TBH I reckon that the Maplin one is a better deal, it's £10 cheaper ATM and has a bigger magnifying lens.


----------



## bodge (24 Jul 2014)

I went mad with the budget on my lighting and bought one of these
http://www.argos.co.uk/static/Product/p ... 308980.htm
Does everything I need it to.


----------



## scrimper (24 Jul 2014)

bodge":2a47t897 said:


> I went mad with the budget on my lighting and bought one of these
> http://www.argos.co.uk/static/Product/p ... 308980.htm
> Does everything I need it to.


That's fine if you just want light but for those of us with imperfect vision and cutting very fine detail a magnifying lamp makes a big difference. They can be awkward to get used to at first though.


----------



## bodge (24 Jul 2014)

Yes, the vision thing can be an issue, but I have found I find it easier to use "ready specs" type magnifying glasses rather than a mounted magnifier. Everyone will have their own preference obviously and this works for me, but it is not necessarily for everyone.


----------



## scrimper (24 Jul 2014)

bodge":1rnekj3h said:


> Yes, the vision thing can be an issue, but I have found I find it easier to use "ready specs" type magnifying glasses rather than a mounted magnifier. Everyone will have their own preference obviously and this works for me, but it is not necessarily for everyone.



Lol I use specs as well! You are right not everyone needs a mag light and they are (IMHO) only useful when doing very detailed and intricate work, most of the time they are not needed. They are also awkward to get used to as everything is magnified, it's a bit like using a Wacom 6"x4" pen and tablet with a 24" wide-screen monitor on photoshop!

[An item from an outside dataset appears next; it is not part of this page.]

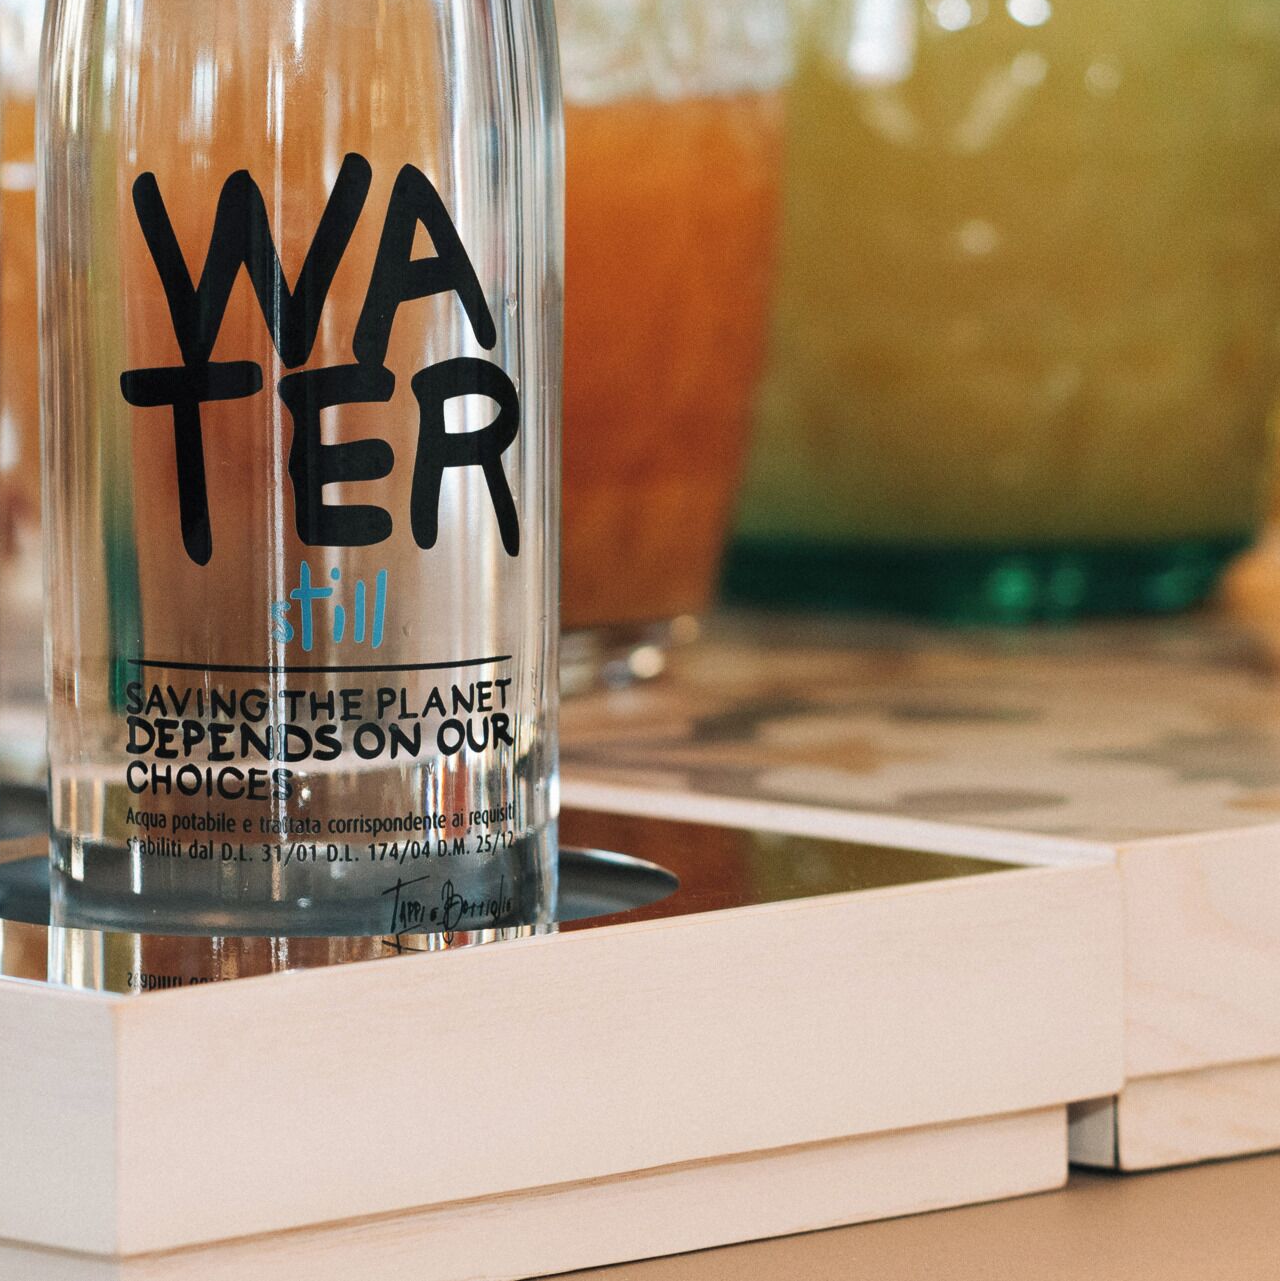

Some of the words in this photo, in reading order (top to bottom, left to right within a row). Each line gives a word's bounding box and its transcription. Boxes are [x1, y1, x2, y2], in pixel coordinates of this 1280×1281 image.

However I am going to have a look at them in Maplins tomorrow and may buy one!


----------



## scrimper (25 Jul 2014)

powertools":3nv7rwcw said:


> http://www.maplin.co.uk/p/22-w-fluorescent-daylight-magnifier-lamp-a29ff



Thanks for the link! I went to the local Maplins and bought one this morning, looking at prices charged for this from other places £25 is a bargain, have not tried it properly yet but it certainly has a very bright light and large 5" lens.


----------



## Chippygeoff (26 Jul 2014)

Scrimper. I have the same lamp, had it for quite sometime now. I don't use the magnifying bit and the light output is just perfect for me. I also have a smaller LED lamp and the sole purpose of this is to highlight the entry holes underneath a workpiece when doing internal cuts.


----------



## Claymore (26 Jul 2014)

when I was using my bandsaw it was in a dark area of my workshop and until i had the lighting upgraded i used a LED Headlamp as used for camping etc  not perfect but it lit up the area i was concentrating on great.


----------



## toesy (27 Jul 2014)

powertools":3cj8o0kl said:


> http://www.maplin.co.uk/p/22-w-fluorescent-daylight-magnifier-lamp-a29ff



Picked one of these up this weekend, its brilliant worth the money. 

Lights up the area well


----------



## scrimper (28 Jul 2014)

toesy":v42bw3n9 said:


> powertools":v42bw3n9 said:
> 
> 
> > http://www.maplin.co.uk/p/22-w-fluorescent-daylight-magnifier-lamp-a29ff
> ...



I agree, I haven't used mine for fretsawing yet but I had a tiny splinter in my hand yesterday that I just could not see, using this lamp and mag it showed up like a tree stump!!


----------



## Stooby (3 Aug 2014)

Just to say I got the Maplan light, it's great, very bright with good consistency of light. The magnifier is good but will take some getting used to. As I like to stand to saw I hope that it will mean I can use it so I don't keep bending over for all the fiddely pieces.
Thanks for your help.


----------



## Dai_The_Eye (3 Aug 2014)

Just bought a 240v LED lamp with flexi arm and clip fastener from Homebase. £16 Useful task lighting with minimal heat.


----------



## scrimper (3 Aug 2014)

Again I have to say that this Maplins light is brilliant, yesterday I used it to solder a very tiny capacitor on to a hard drive circuit board, the capacitor was so tiny that I could hardly see it with the naked eye but with the mag light it became a job I managed to do and the drive worked afterwards too!


----------



## toesy (4 Aug 2014)

\o/ Result !!!  =D>


----------



## Charlie Woody (6 Aug 2014)

Dai_The_Eye":2o5ufmpe said:


> Just bought a 240v LED lamp with flexi arm and clip fastener from Homebase. £16 Useful task lighting with minimal heat.



Is this similar to what you got?

http://www.homebase.co.uk/en/homebaseuk ... ear-132606

Have you found it bright enough? I want to use it with a bandsaw so will need to find some way of attaching it.

I was considering this
http://www.charnwood.net/shop/product/m ... ght?cid=29

But it is dearer, but does have more LEDs & magnetic base ....... What do you think?


----------